Sinon, passés ces désagréments qui bien que réels ne doivent pas décourager le lecteur, le fond ne peut laisser indifférent. J'ai été emportée, et bien souvent malgré moi, dans une fascination glauque pour la narration du Dr Aue, aimantée par les descriptions d'atrocités qui couvrent des dizaines et des dizaines de pages, voulant à toute force comprendre, percer le mystère, aller au fond de cette mentalité, comprendre comment, par conviction politico-économique, par médiocrité, par pauvreté matérielle et intellectuelle, par endoctrinement, par vice ou par idéalisme, des millions d'hommes et de femmes en étaient arrivés là : croire qu'en exterminant les "ennemis du peuple", en "rayant de la carte" les "improductifs" et les Juifs, ils bâtiraient un monde meilleur, idéal, idyllique, base d'un système politique garant de la prospérité d'un peuple entier.
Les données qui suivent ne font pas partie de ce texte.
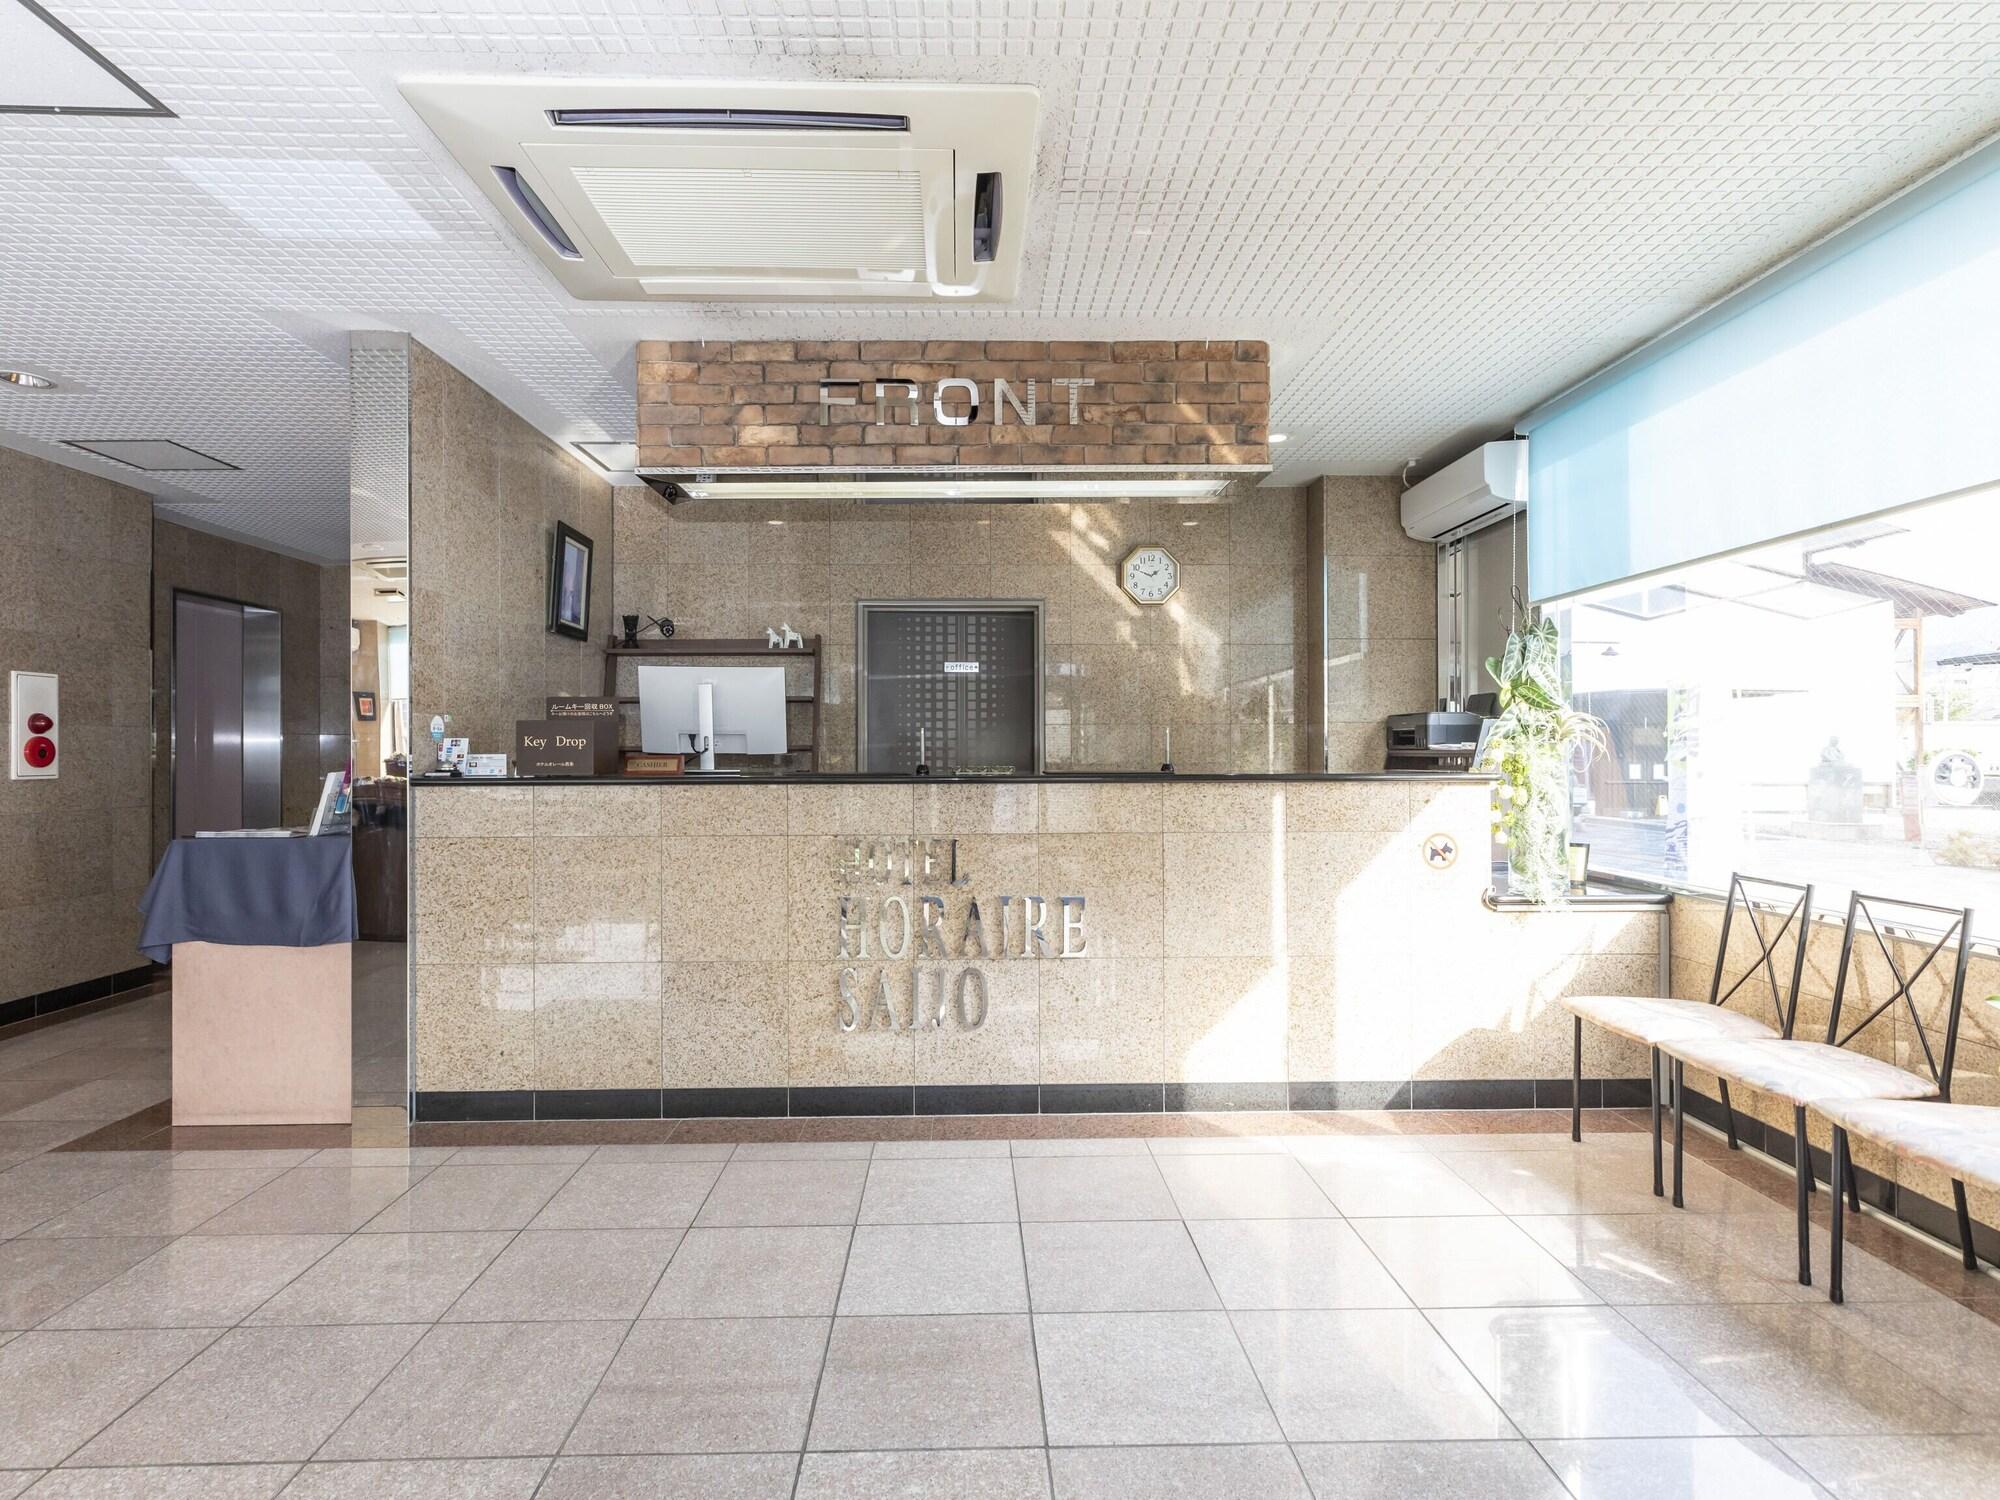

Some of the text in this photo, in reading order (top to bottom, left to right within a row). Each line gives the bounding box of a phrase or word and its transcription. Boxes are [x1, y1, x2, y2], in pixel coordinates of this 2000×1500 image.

En refermant "les Bienveillantes" (et j'ai été particulièrement heureuse, en lisant la scène finale, d'être allée jusqu'au bout!), j'ai ressenti un trouble, une chute dans le néant, un malaise et, l'espace de quelques instants, l'impression d'avoir touché du doigt une vérité (l'une de celles qui composent L Histoire) que je n'ai ressenti pour aucune oeuvre auparavant. le dénouement tant attendu de ces deux histoires parallèles qui m'ont accompagnée dans ma lecture pendant presque 5 mois a été comme un éblouissement de toute l'oeuvre.

A lire dans son existence.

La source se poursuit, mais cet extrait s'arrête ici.